Home by 9:30, I climb into bed. What a day, I think, twelve hours gone, but glad they didn’t find anything, then wonder why $1,000 for 3 hours stay in a double room? Maybe they should have a holding room for people like me, that come in and don’t stay all night. I could have stayed at the best hotel somewhere for this price. Does the Health Care Industry need an overhaul? You bet. A large amount of money was wasted today, on me, I realize that, and I’m glad I didn’t have a heart attack, but was it all needed? Were the repetitive questions by different people, needed? Wouldn’t it be simpler with a finger print code plate with your health records? Is it possible that the right hand could know what the left hand is doing? So much money could be saved, if ‘they’ looked at Medicare, and other health insurance companies.

 

 

Funny thing just happened. The phone rang and on the other end was the walk in clinic asking how I was. Now that’s something. I’ve never gotten a call from any health care facility asking me that. I’ve come to learn people who work in Health Care are good people, it’s the system that needs changing, more efficiency, less of the same questions asked by different people. 

 

 

 

 




  • Posted 10:12am September 21st, 2009
    First and foremost, so glad to hear everything turned out okay for you. I think I heard recently that there was talk of putting everyone's medical information together  in one database so if you went to a new Doctor or had to go to the hospital, they could bring up your information and have everything right there for them to view. That sure would save alot of time. I was in an accident years ago and went to the emergency room. I had a deep cut in my head with glass in it and it took 4 hours before it was even cleaned and stitched. The paperwork had to be filled out first. Also, the emergency room was filled to capacity and my wound was not life threatening.
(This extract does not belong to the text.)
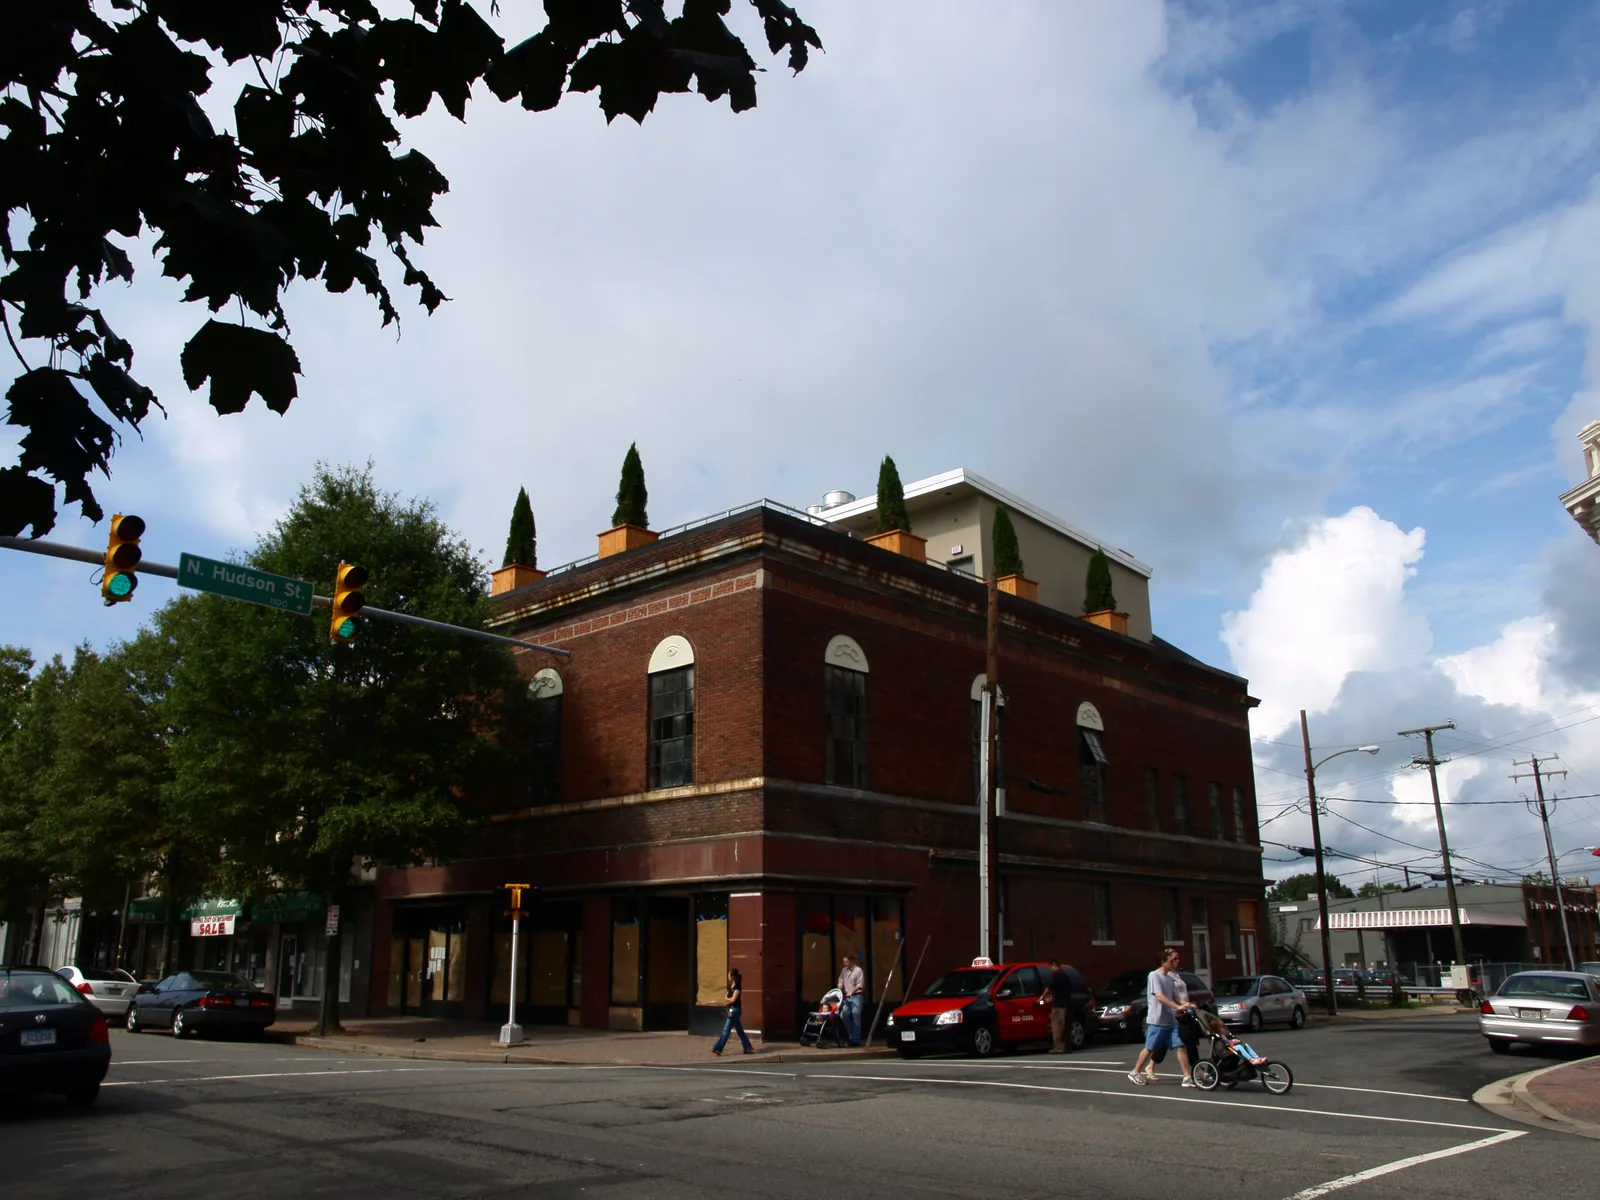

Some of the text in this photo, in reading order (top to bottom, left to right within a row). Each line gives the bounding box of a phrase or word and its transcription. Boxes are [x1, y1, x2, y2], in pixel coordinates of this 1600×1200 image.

  • Posted 11:48pm September 19th, 2009

    Rose,

    So sorry you had to go through all that.  I had a similar ER experience earlier this year (my blog 'My Very Recent Hospital Visit').  It's an extremely unnerving, scary and unpleasant experience all the way around.
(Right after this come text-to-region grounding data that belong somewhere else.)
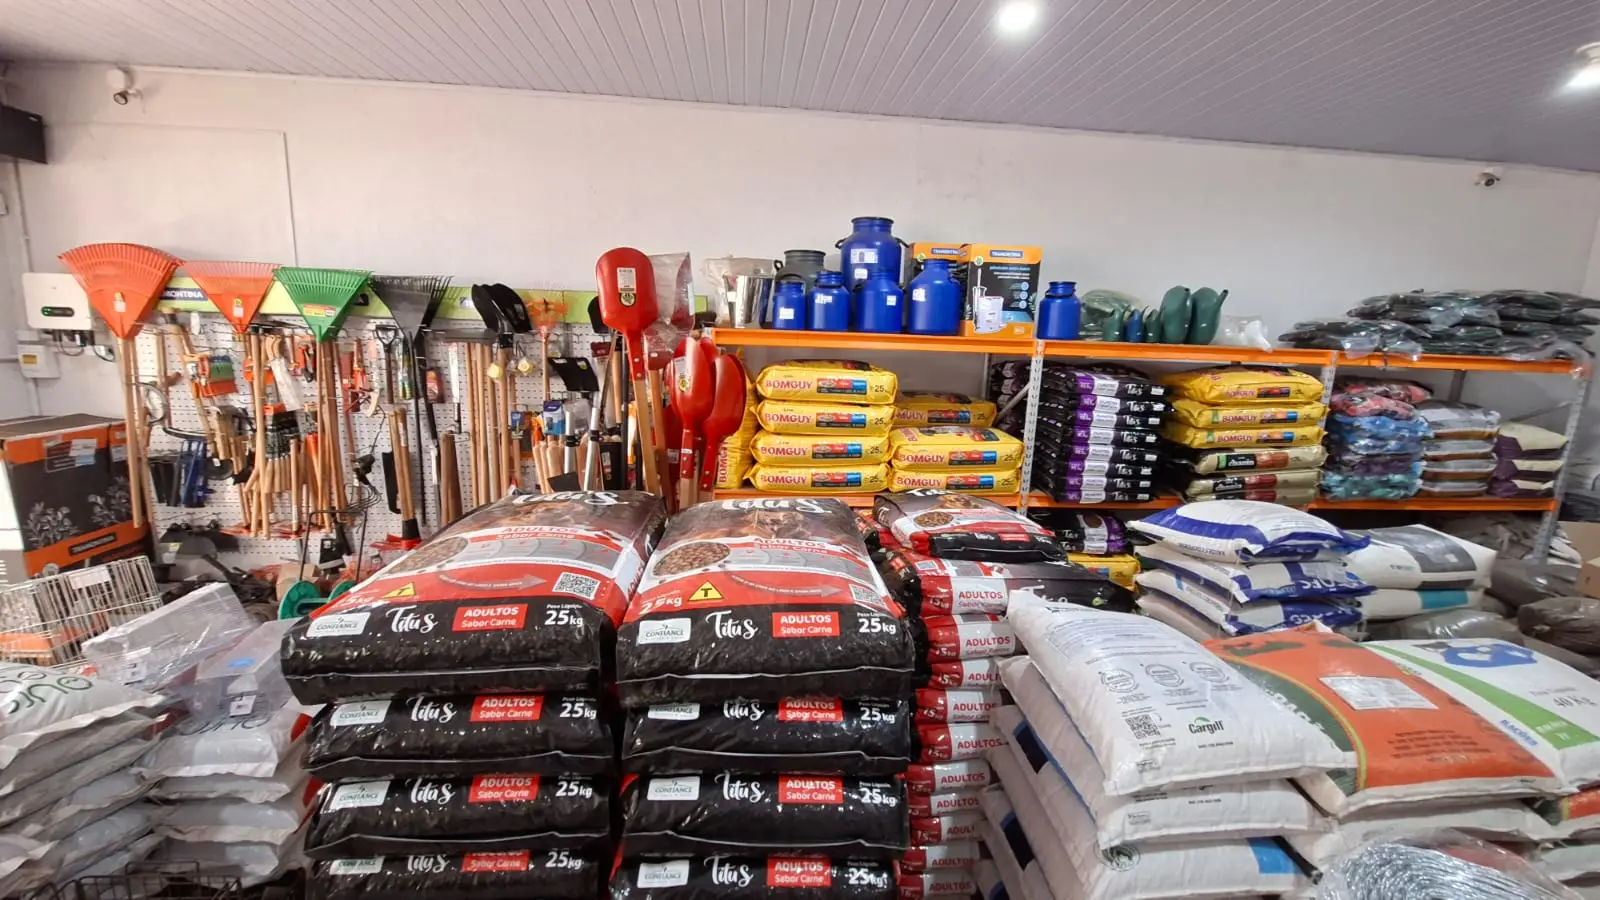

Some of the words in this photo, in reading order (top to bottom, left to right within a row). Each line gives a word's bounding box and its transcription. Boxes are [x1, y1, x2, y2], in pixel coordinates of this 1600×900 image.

[765, 379, 813, 390] BOMGUY
[764, 413, 812, 424] BOMGUY
[760, 446, 808, 456] BOMGUY
[901, 454, 945, 463] BOMGUY
[760, 474, 807, 485] BOMGUY
[896, 476, 942, 487] BOMGUY
[959, 591, 1003, 599] ADULTOS
[464, 607, 519, 617] ADULTOS
[385, 605, 438, 633] Titus
[544, 610, 583, 627] 25kg
[781, 615, 832, 624] ADULTOS
[461, 620, 489, 628] Sabor
[705, 610, 758, 639] Titus
[859, 618, 896, 634] 25kg
[781, 626, 806, 634] Sabor
[966, 636, 1010, 647] ADULTOS
[968, 673, 1000, 681] ADUL
[481, 698, 535, 707] ADULTOS
[786, 701, 835, 709] ADULTOS
[480, 710, 505, 718] Sabor
[507, 710, 532, 718] Carne
[560, 702, 597, 719] 25kg
[786, 711, 809, 719] Sabor
[812, 711, 836, 719] Carne
[860, 707, 896, 724] 25kg
[1188, 720, 1225, 735] Cargill
[957, 739, 1001, 749] ADULTOS
[480, 778, 532, 787] ADULTOS
[941, 773, 986, 784] ADULTOS
[555, 781, 593, 798] 25kg
[786, 780, 836, 790] ADULTOS
[477, 790, 503, 799] Sabor
[504, 789, 529, 798] Carne
[786, 792, 810, 800] Sabor
[812, 792, 836, 800] Carne
[937, 797, 980, 808] ADULTOS
[946, 825, 975, 835] ADUL
[703, 854, 753, 887] Titus
[775, 862, 824, 871] ADULTOS
[775, 874, 799, 883] Sabor
[800, 875, 825, 883] Carne
[929, 881, 972, 892] ADULTOS
    First of all, I was appalled that the clinic actually told you to drive yourself to the ER with your symptoms.  Maybe they knew you weren't having a heart attack at that moment, but anything could have happened once you walked out the door and got behind the wheel!

    As for your heart flutters, I used to have that years ago before I was diagnosed with SVT....supra ventricular tachycardia.  I've been on meds ever since and no longer have problems with it.  (In addition to the 'flutters' my heart would pound very hard and fast.  I could even feel it in my throat.)  My cardiologist  said that a great many people suffer from this condition, but it is not life threatening.  

    You have a very good point about the finger print profile.  How easy it would make things not just for the patient, but for the medical staff.  Especially if someone came into the ER unconscious.  You can't ask someone their medical history if they're unconscious!  You would think that the AMA would have checked into something like this already. 

    Anyway, I hope you feel better and stay well. 

    Ginger!  




  • Posted 9:15pm September 19th, 2009

    Don't ya just love it....you could have been having a heart attack and they are there for the  1,00.00 co pay, and for just 3 hours. That would have been enough to give me a full blown attack.

    So glad you are ok.

    I have been kept up to 16 hours in the E.R.

    Not a fun place to be.

    You need to see your cardio doctor...

    Hope you stay well.

       Sassy

     




  • Posted 6:43pm September 19th, 2009

    The good news is you got to go on home and not stay over night. It does seem time at the doctors and hospitals go by so slow. I admire anyone who works in the medical field, I know I could not do it.




  • Posted 3:52pm September 19th, 2009
    Sorry this is so long, but that's the way the day went... long, long, long.